This task calls for printing every entry exactly.

++++++++

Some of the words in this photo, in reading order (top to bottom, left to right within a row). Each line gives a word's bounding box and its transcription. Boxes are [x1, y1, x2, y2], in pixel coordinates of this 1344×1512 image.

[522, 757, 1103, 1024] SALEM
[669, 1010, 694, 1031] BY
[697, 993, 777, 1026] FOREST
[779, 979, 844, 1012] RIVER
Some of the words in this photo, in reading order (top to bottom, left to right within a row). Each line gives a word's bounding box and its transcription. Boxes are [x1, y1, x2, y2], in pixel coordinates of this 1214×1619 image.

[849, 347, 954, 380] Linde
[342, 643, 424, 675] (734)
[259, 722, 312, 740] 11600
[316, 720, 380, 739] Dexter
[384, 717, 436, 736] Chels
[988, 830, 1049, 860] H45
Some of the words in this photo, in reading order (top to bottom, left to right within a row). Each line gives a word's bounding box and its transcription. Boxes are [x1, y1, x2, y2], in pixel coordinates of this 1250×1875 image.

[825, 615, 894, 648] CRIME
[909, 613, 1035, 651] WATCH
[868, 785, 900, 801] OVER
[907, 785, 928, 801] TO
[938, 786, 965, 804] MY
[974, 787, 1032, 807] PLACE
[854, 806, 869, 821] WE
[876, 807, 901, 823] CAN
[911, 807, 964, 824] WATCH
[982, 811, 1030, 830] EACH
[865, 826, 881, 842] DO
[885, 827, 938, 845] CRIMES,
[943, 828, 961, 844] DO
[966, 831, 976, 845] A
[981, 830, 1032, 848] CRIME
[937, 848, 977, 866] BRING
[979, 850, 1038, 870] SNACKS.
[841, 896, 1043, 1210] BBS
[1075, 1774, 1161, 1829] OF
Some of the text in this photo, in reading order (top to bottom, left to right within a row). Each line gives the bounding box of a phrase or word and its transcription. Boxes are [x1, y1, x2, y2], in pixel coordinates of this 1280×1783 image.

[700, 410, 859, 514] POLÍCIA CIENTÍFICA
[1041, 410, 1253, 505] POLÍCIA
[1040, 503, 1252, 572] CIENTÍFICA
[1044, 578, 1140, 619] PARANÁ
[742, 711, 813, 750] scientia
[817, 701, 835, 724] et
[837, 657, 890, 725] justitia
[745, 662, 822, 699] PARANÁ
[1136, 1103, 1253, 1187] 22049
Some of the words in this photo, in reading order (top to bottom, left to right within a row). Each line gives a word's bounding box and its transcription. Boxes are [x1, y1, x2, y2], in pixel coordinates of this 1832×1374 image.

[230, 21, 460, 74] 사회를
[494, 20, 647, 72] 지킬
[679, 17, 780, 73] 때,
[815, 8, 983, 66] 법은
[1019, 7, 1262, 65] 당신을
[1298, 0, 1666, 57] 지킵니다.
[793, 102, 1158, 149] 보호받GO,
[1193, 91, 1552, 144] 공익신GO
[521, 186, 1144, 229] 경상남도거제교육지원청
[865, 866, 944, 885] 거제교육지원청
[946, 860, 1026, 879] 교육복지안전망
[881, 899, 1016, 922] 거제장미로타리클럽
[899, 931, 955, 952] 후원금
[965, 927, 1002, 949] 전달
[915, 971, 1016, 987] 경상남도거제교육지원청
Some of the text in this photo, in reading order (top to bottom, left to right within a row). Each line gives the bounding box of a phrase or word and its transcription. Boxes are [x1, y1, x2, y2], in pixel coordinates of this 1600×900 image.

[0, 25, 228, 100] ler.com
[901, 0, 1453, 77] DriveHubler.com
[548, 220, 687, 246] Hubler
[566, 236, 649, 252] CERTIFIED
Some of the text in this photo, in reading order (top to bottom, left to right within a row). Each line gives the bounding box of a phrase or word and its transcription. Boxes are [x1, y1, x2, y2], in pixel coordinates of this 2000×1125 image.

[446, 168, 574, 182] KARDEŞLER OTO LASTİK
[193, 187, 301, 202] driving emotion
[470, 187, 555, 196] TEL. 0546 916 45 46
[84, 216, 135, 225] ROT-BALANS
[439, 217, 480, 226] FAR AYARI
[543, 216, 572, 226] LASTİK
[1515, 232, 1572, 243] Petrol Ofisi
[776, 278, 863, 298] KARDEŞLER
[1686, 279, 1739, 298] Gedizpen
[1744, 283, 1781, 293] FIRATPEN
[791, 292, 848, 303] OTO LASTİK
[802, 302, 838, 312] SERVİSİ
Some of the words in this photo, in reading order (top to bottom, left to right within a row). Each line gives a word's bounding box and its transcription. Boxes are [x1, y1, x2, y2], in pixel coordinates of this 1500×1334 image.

++++++++

Exercise result ::
Some of the words in this photo, in reading order (top to bottom, left to right within a row). Each line gives a word's bounding box and its transcription. Boxes are [x1, y1, x2, y2], in pixel coordinates of this 1344×1512 image.

[522, 757, 1103, 1024] SALEM
[669, 1010, 694, 1031] BY
[697, 993, 777, 1026] FOREST
[779, 979, 844, 1012] RIVER
Some of the words in this photo, in reading order (top to bottom, left to right within a row). Each line gives a word's bounding box and its transcription. Boxes are [x1, y1, x2, y2], in pixel coordinates of this 1214×1619 image.

[849, 347, 954, 380] Linde
[342, 643, 424, 675] (734)
[259, 722, 312, 740] 11600
[316, 720, 380, 739] Dexter
[384, 717, 436, 736] Chels
[988, 830, 1049, 860] H45
Some of the words in this photo, in reading order (top to bottom, left to right within a row). Each line gives a word's bounding box and its transcription. Boxes are [x1, y1, x2, y2], in pixel coordinates of this 1250×1875 image.

[825, 615, 894, 648] CRIME
[909, 613, 1035, 651] WATCH
[868, 785, 900, 801] OVER
[907, 785, 928, 801] TO
[938, 786, 965, 804] MY
[974, 787, 1032, 807] PLACE
[854, 806, 869, 821] WE
[876, 807, 901, 823] CAN
[911, 807, 964, 824] WATCH
[982, 811, 1030, 830] EACH
[865, 826, 881, 842] DO
[885, 827, 938, 845] CRIMES,
[943, 828, 961, 844] DO
[966, 831, 976, 845] A
[981, 830, 1032, 848] CRIME
[937, 848, 977, 866] BRING
[979, 850, 1038, 870] SNACKS.
[841, 896, 1043, 1210] BBS
[1075, 1774, 1161, 1829] OF
Some of the text in this photo, in reading order (top to bottom, left to right within a row). Each line gives the bounding box of a phrase or word and its transcription. Boxes are [x1, y1, x2, y2], in pixel coordinates of this 1280×1783 image.

[700, 410, 859, 514] POLÍCIA CIENTÍFICA
[1041, 410, 1253, 505] POLÍCIA
[1040, 503, 1252, 572] CIENTÍFICA
[1044, 578, 1140, 619] PARANÁ
[742, 711, 813, 750] scientia
[817, 701, 835, 724] et
[837, 657, 890, 725] justitia
[745, 662, 822, 699] PARANÁ
[1136, 1103, 1253, 1187] 22049
Some of the words in this photo, in reading order (top to bottom, left to right within a row). Each line gives a word's bounding box and its transcription. Boxes are [x1, y1, x2, y2], in pixel coordinates of this 1832×1374 image.

[230, 21, 460, 74] 사회를
[494, 20, 647, 72] 지킬
[679, 17, 780, 73] 때,
[815, 8, 983, 66] 법은
[1019, 7, 1262, 65] 당신을
[1298, 0, 1666, 57] 지킵니다.
[793, 102, 1158, 149] 보호받GO,
[1193, 91, 1552, 144] 공익신GO
[521, 186, 1144, 229] 경상남도거제교육지원청
[865, 866, 944, 885] 거제교육지원청
[946, 860, 1026, 879] 교육복지안전망
[881, 899, 1016, 922] 거제장미로타리클럽
[899, 931, 955, 952] 후원금
[965, 927, 1002, 949] 전달
[915, 971, 1016, 987] 경상남도거제교육지원청
Some of the text in this photo, in reading order (top to bottom, left to right within a row). Each line gives the bounding box of a phrase or word and its transcription. Boxes are [x1, y1, x2, y2], in pixel coordinates of this 1600×900 image.

[0, 25, 228, 100] ler.com
[901, 0, 1453, 77] DriveHubler.com
[548, 220, 687, 246] Hubler
[566, 236, 649, 252] CERTIFIED
Some of the text in this photo, in reading order (top to bottom, left to right within a row). Each line gives the bounding box of a phrase or word and its transcription. Boxes are [x1, y1, x2, y2], in pixel coordinates of this 2000×1125 image.

[446, 168, 574, 182] KARDEŞLER OTO LASTİK
[193, 187, 301, 202] driving emotion
[470, 187, 555, 196] TEL. 0546 916 45 46
[84, 216, 135, 225] ROT-BALANS
[439, 217, 480, 226] FAR AYARI
[543, 216, 572, 226] LASTİK
[1515, 232, 1572, 243] Petrol Ofisi
[776, 278, 863, 298] KARDEŞLER
[1686, 279, 1739, 298] Gedizpen
[1744, 283, 1781, 293] FIRATPEN
[791, 292, 848, 303] OTO LASTİK
[802, 302, 838, 312] SERVİSİ
Some of the words in this photo, in reading order (top to bottom, left to right within a row). Each line gives a word's bounding box and its transcription. Boxes are [x1, y1, x2, y2], in pixel coordinates of this 1500×1334 image.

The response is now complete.